§ **TASK GOAL**
The task calls for an exact copy of the records, without any images.

§ **MATERIAL TO PROCESS**
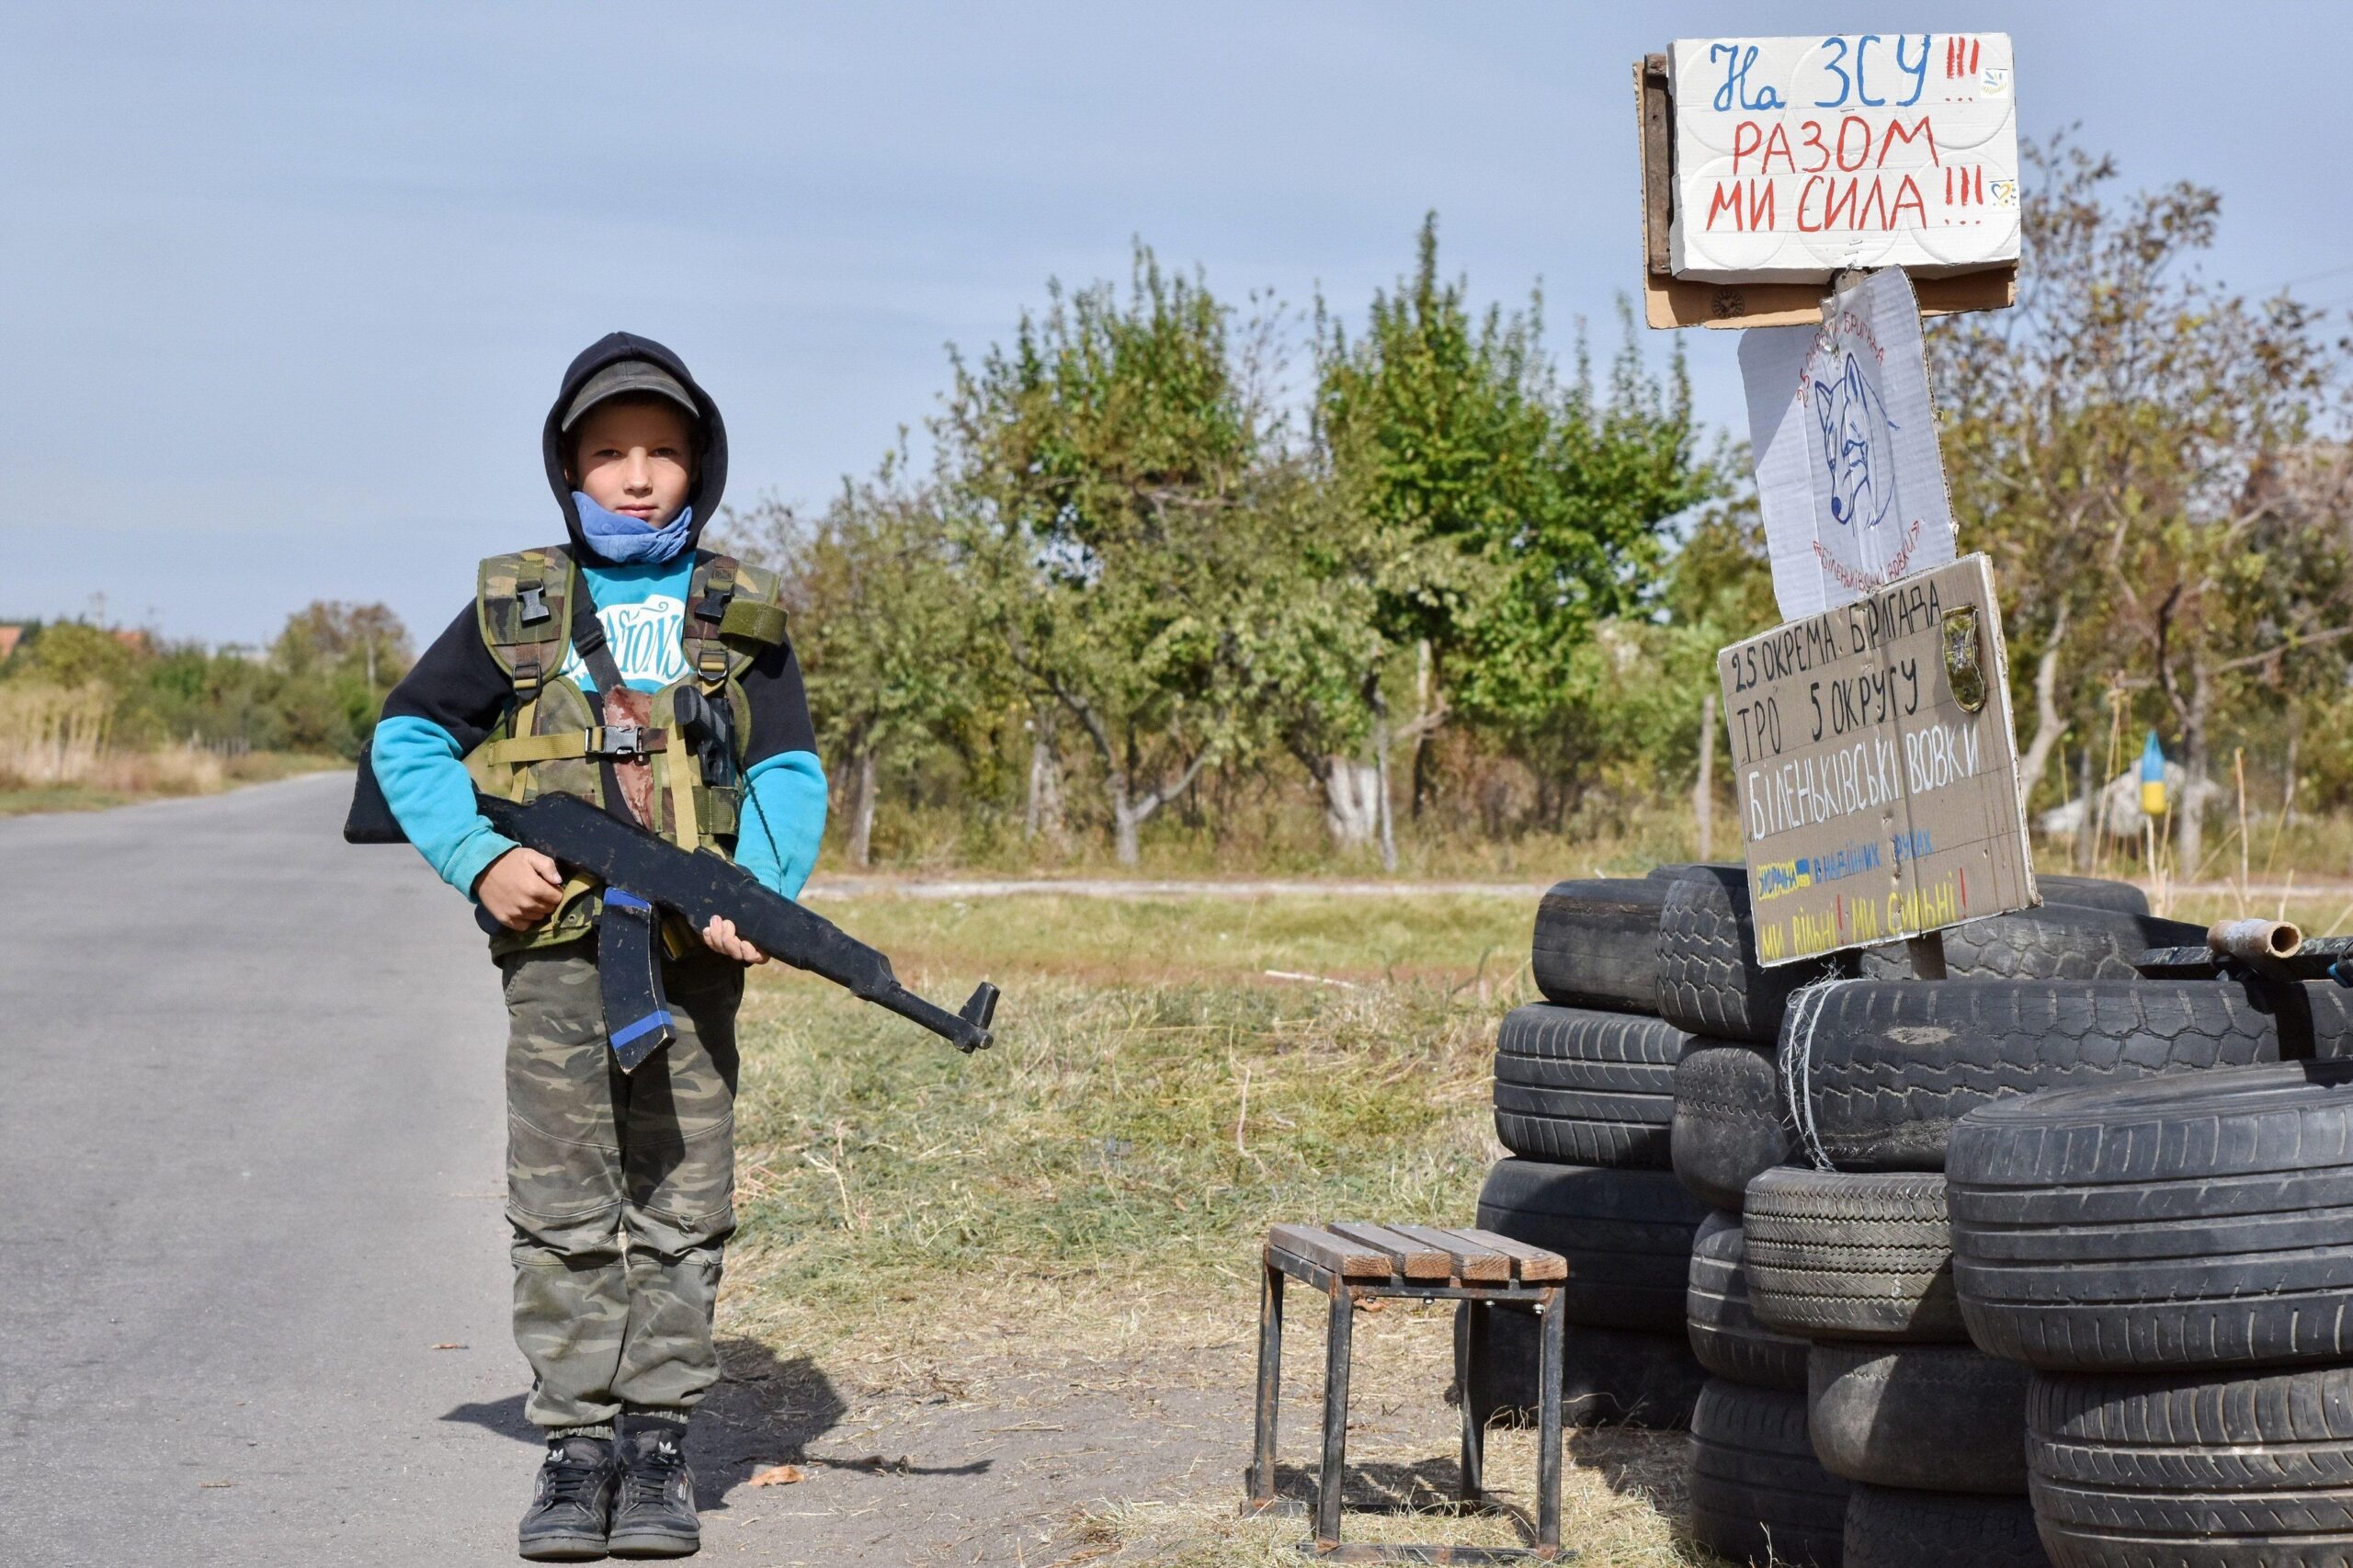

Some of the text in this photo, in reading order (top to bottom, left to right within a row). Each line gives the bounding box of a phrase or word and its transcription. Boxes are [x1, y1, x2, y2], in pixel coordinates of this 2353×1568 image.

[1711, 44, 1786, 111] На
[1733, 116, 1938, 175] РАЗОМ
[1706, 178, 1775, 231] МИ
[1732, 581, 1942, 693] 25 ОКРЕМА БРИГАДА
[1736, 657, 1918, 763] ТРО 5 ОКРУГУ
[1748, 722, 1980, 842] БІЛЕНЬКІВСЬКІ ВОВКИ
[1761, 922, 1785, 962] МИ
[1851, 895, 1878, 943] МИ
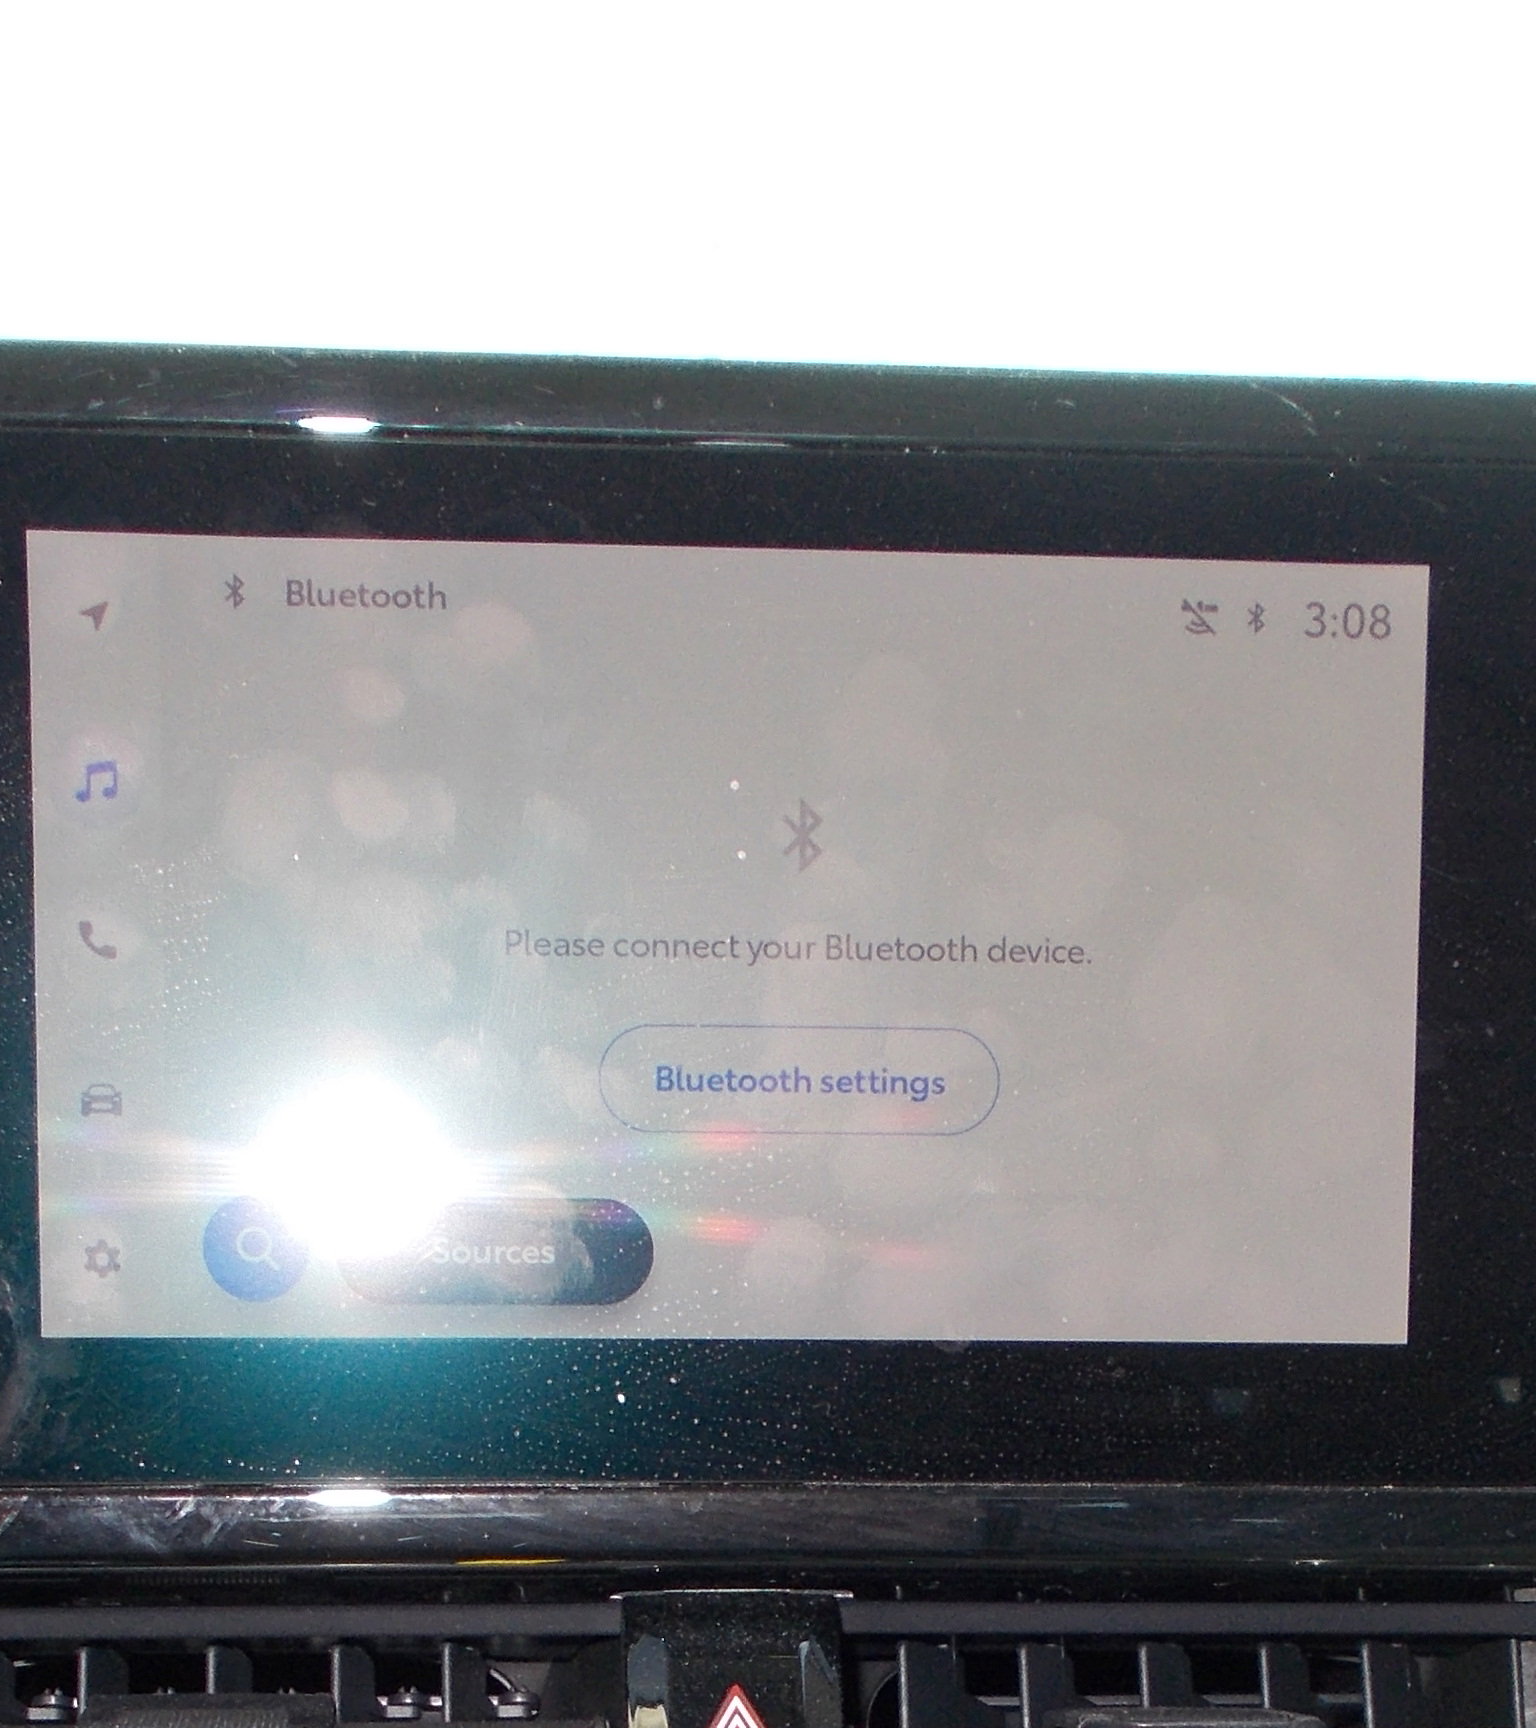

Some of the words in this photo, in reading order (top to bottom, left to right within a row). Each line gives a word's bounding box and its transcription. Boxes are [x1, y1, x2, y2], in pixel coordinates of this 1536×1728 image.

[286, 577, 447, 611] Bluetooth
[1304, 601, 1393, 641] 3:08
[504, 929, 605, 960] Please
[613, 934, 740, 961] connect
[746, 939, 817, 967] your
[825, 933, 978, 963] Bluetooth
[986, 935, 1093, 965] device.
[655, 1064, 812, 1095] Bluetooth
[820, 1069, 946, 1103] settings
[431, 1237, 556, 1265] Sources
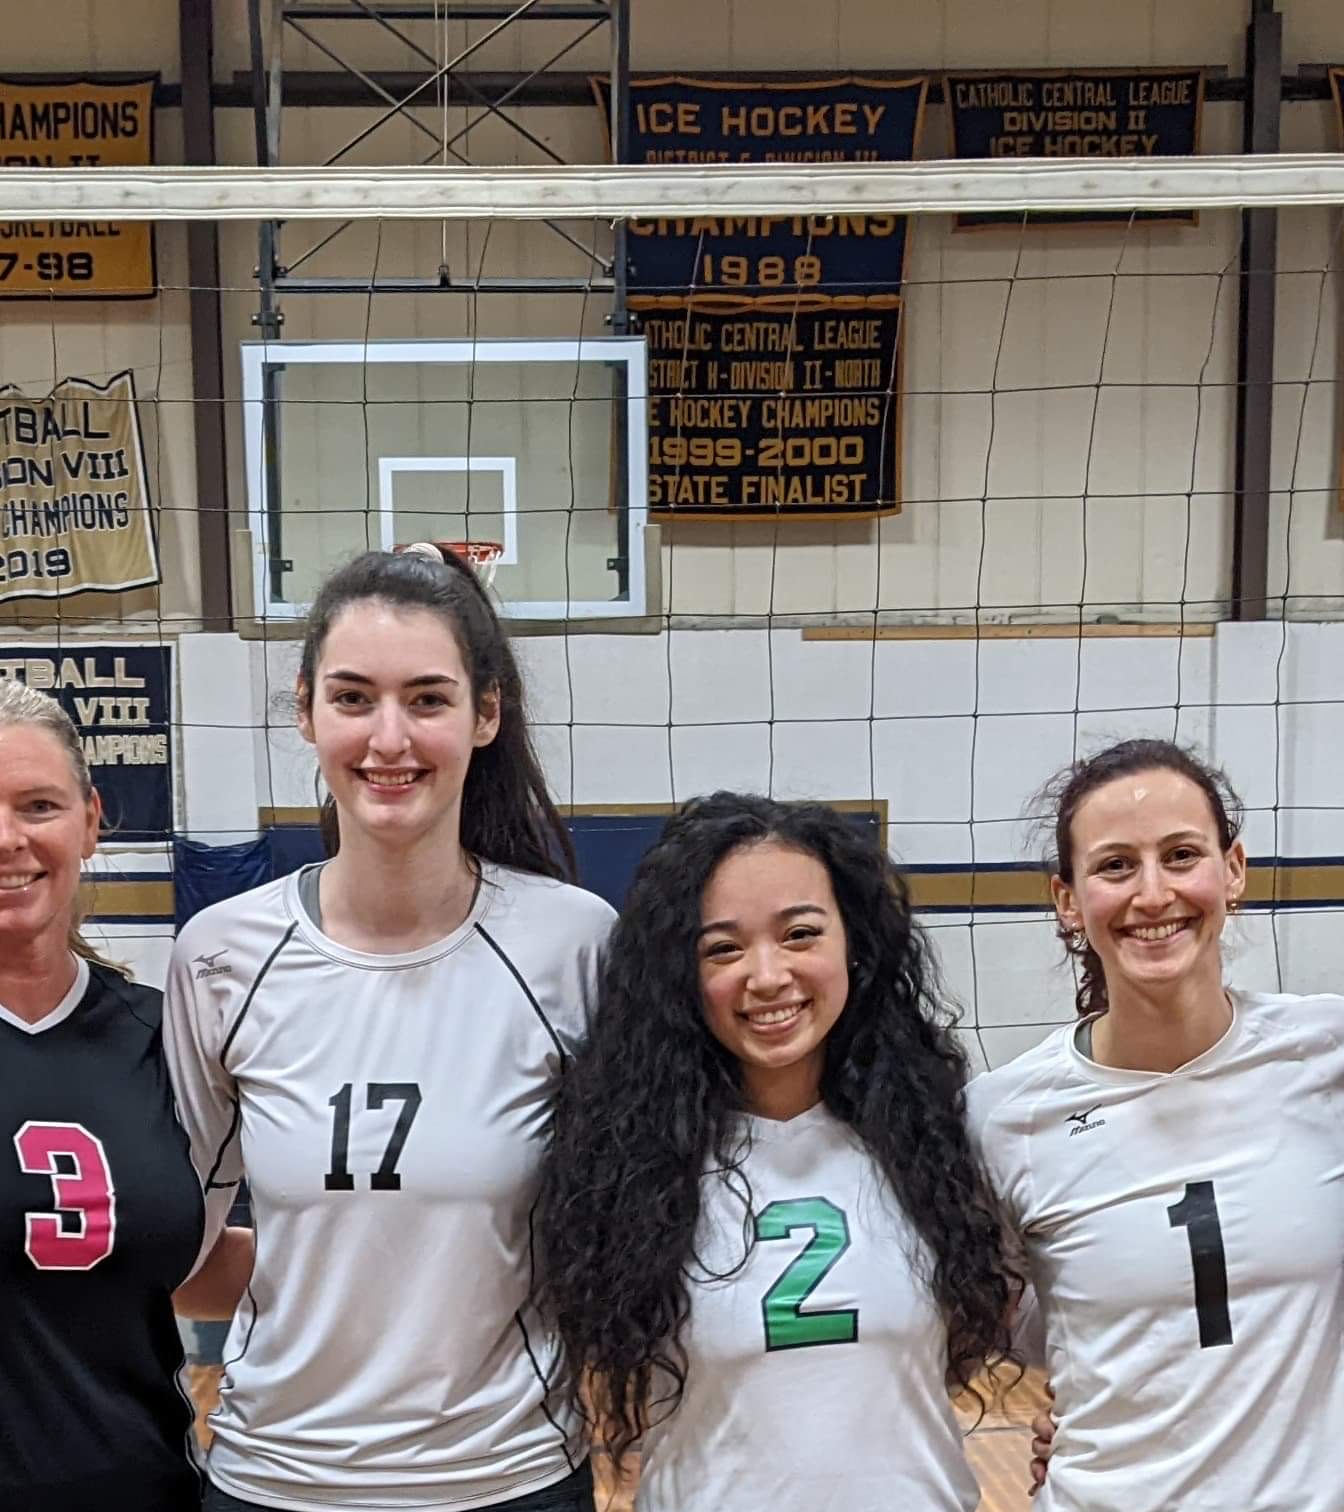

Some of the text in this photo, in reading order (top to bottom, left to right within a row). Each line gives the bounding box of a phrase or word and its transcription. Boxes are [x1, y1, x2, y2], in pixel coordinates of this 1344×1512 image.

§ **YOUR SOLUTION**
Some of the text in this photo, in reading order (top to bottom, left to right within a row). Each line gives the bounding box of a phrase or word and its transcription. Boxes are [x1, y1, x2, y2], in pixel coordinates of this 2353×1568 image.

[1711, 44, 1786, 111] На
[1733, 116, 1938, 175] РАЗОМ
[1706, 178, 1775, 231] МИ
[1732, 581, 1942, 693] 25 ОКРЕМА БРИГАДА
[1736, 657, 1918, 763] ТРО 5 ОКРУГУ
[1748, 722, 1980, 842] БІЛЕНЬКІВСЬКІ ВОВКИ
[1761, 922, 1785, 962] МИ
[1851, 895, 1878, 943] МИ

Some of the words in this photo, in reading order (top to bottom, left to right within a row). Each line gives a word's bounding box and its transcription. Boxes are [x1, y1, x2, y2], in pixel coordinates of this 1536×1728 image.

[286, 577, 447, 611] Bluetooth
[1304, 601, 1393, 641] 3:08
[504, 929, 605, 960] Please
[613, 934, 740, 961] connect
[746, 939, 817, 967] your
[825, 933, 978, 963] Bluetooth
[986, 935, 1093, 965] device.
[655, 1064, 812, 1095] Bluetooth
[820, 1069, 946, 1103] settings
[431, 1237, 556, 1265] Sources

Some of the text in this photo, in reading order (top to bottom, left to right within a row). Each line gives the bounding box of a phrase or word and its transcription. Boxes are [x1, y1, x2, y2], in pixel coordinates of this 1344×1512 image.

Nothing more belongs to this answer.